Услышав голос своего бывшего начальника, Переселенский вздрогнул, как старый боевой конь. Не исключено, что он даже заржал. Хотя они редко встречались домами (Розалия Марковна считала Марию Ивановну простой и необразованной женщиной, с которой у нее не может быть ничего общего), все же Переселенского и Голову связывала не только служебная субординация. Было между ними несомненно что-то общее, что притягивало их друг к другу, заставляло иногда разговаривать о том о сем и даже делиться впечатлениями о книгах и кинокартинах. Аркадию Матвеевичу нравилось, когда после трудового дня начальник звонил ему по внутреннему коммутатору и коротко говорил:

— Переселенский, зайди ко мне.

И когда он заходил, Алексей Федорович запирал дверь, садился не за стол, а рядом в кресло и совсем по-свойски спрашивал:

— Ну, что там новенького в части анекдотов?

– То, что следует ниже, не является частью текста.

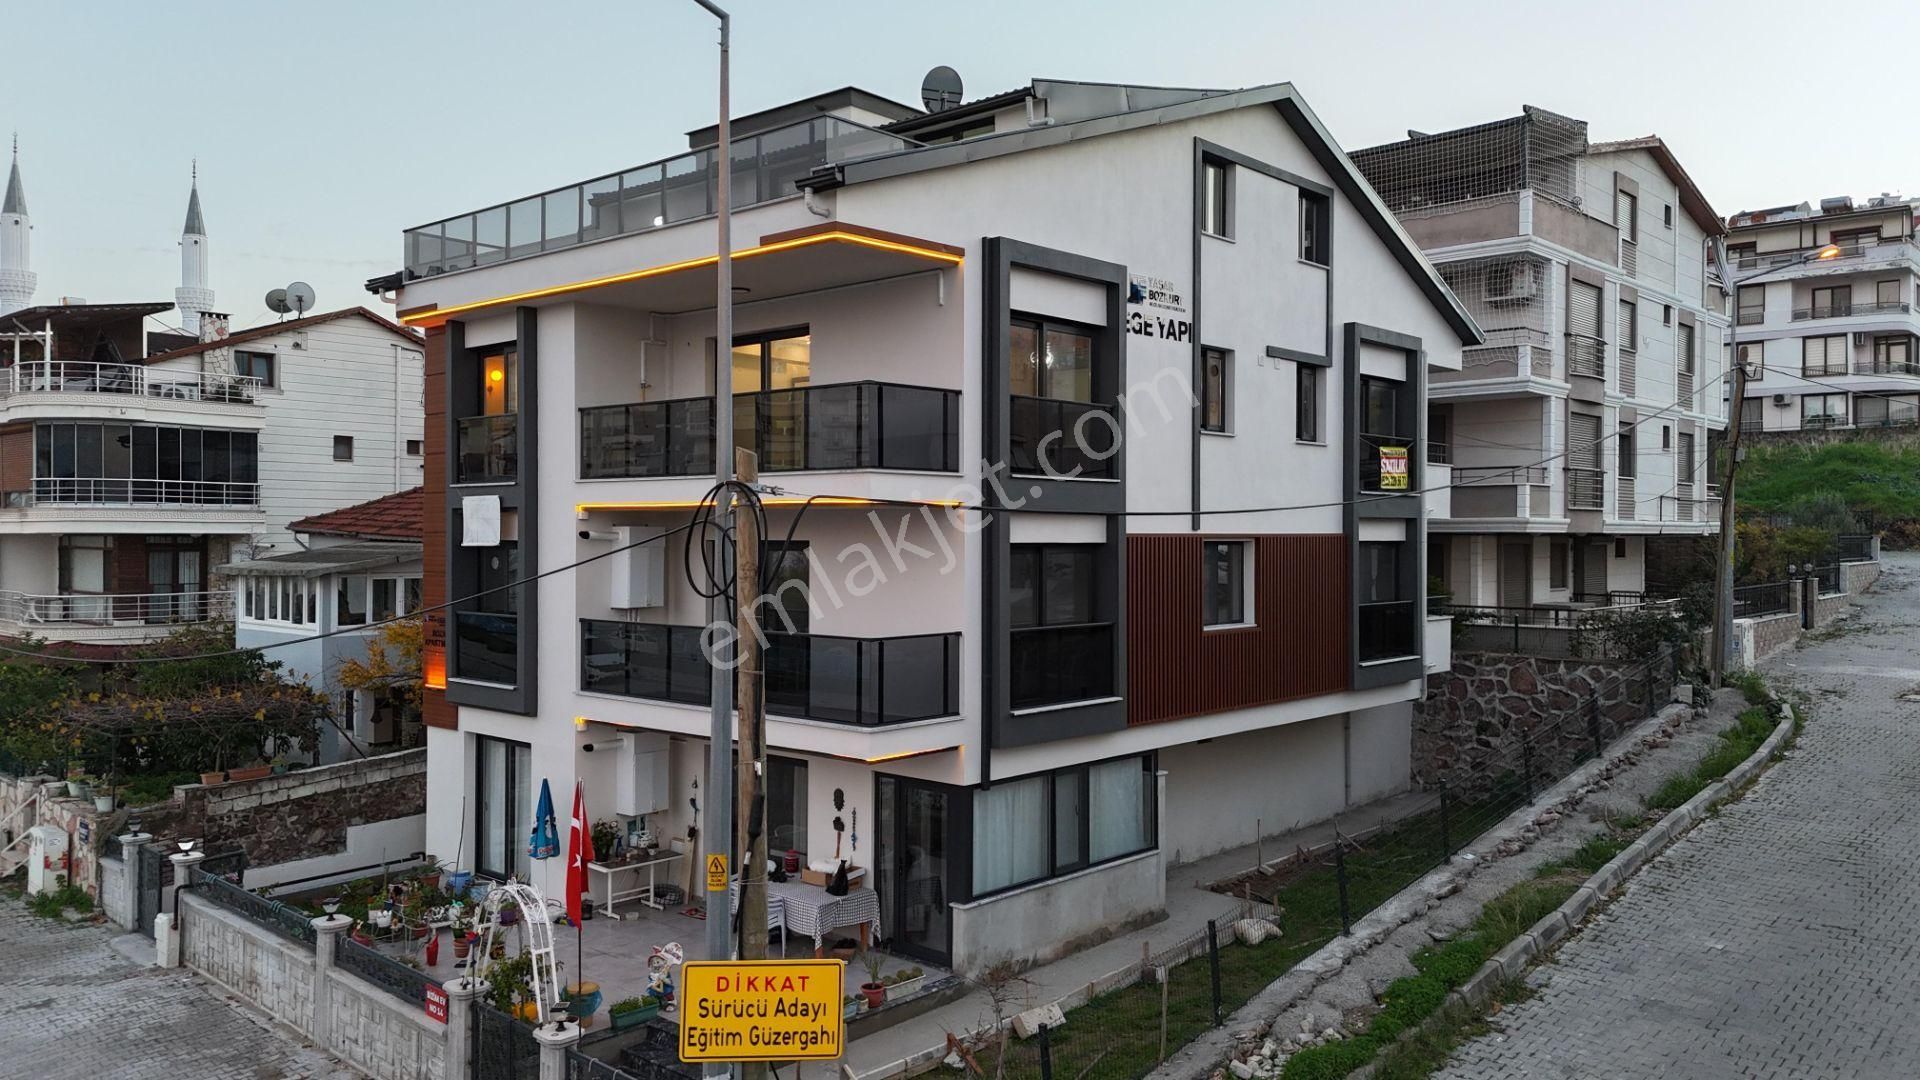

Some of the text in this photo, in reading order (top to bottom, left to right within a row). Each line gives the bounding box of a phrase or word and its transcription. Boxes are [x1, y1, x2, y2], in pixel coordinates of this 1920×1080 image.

Аркадий Матвеевич рассказывал какой-нибудь анекдот и Голова хохотал, хлопая его по ноге, и сквозь слезы кричал:

— Ну, Переселенский, с тобой помрешь!..

Это были сладостные минуты.

Давно известно, что анекдоты очень сближают подчиненных и начальников, поэтому Переселенский старался всегда иметь в запасе свежий анекдот и во имя этого даже угощал изредка пивом Циника — у того их всегда было полно.

Аркадий Матвеевич знал, что Голова получил новое назначение, работает И. О. заведующего Коммунальным отделом, однако сам звонить ему не решался, понимая, что у Алексея Федоровича запарка, приемка дел, и ему не до того. Звонок по телефону его очень обрадовал; как-никак за плечами целый год совместной работы: совещания, квартальные отчеты, борьба с врагами народа, капитальный ремонт… Голос у Алексея Федоровича был, как всегда, громкий, так что дрожала мембрана, с небольшой хрипотцой.

— Как жизнь, Переселенский?

— Хочу уходить, Алексей Федорович.

— Почему так? Новое начальство не нравится?

— Чувствую, что не сработаюсь, Алексей Федорович.

— Затирают?

— Без вас трудно, Алексей Федорович… Не тот размах. Никто не нацеливает, не дает руководящих указаний, за шесть месяцев — одно собрание.

И слушая сейчас Аркадия Матвеевича, можно было подумать, что это говорит, хотя и простой, но несомненно честный, искренний человек, беспокоящийся о судьбе своего учреждения.

— А ты что вечером делаешь? — спросил вдруг Голова.

— Ничего, — быстро ответил Аркадий Матвеевич, почуяв, что у бывшего начальника есть какое-то дело к нему.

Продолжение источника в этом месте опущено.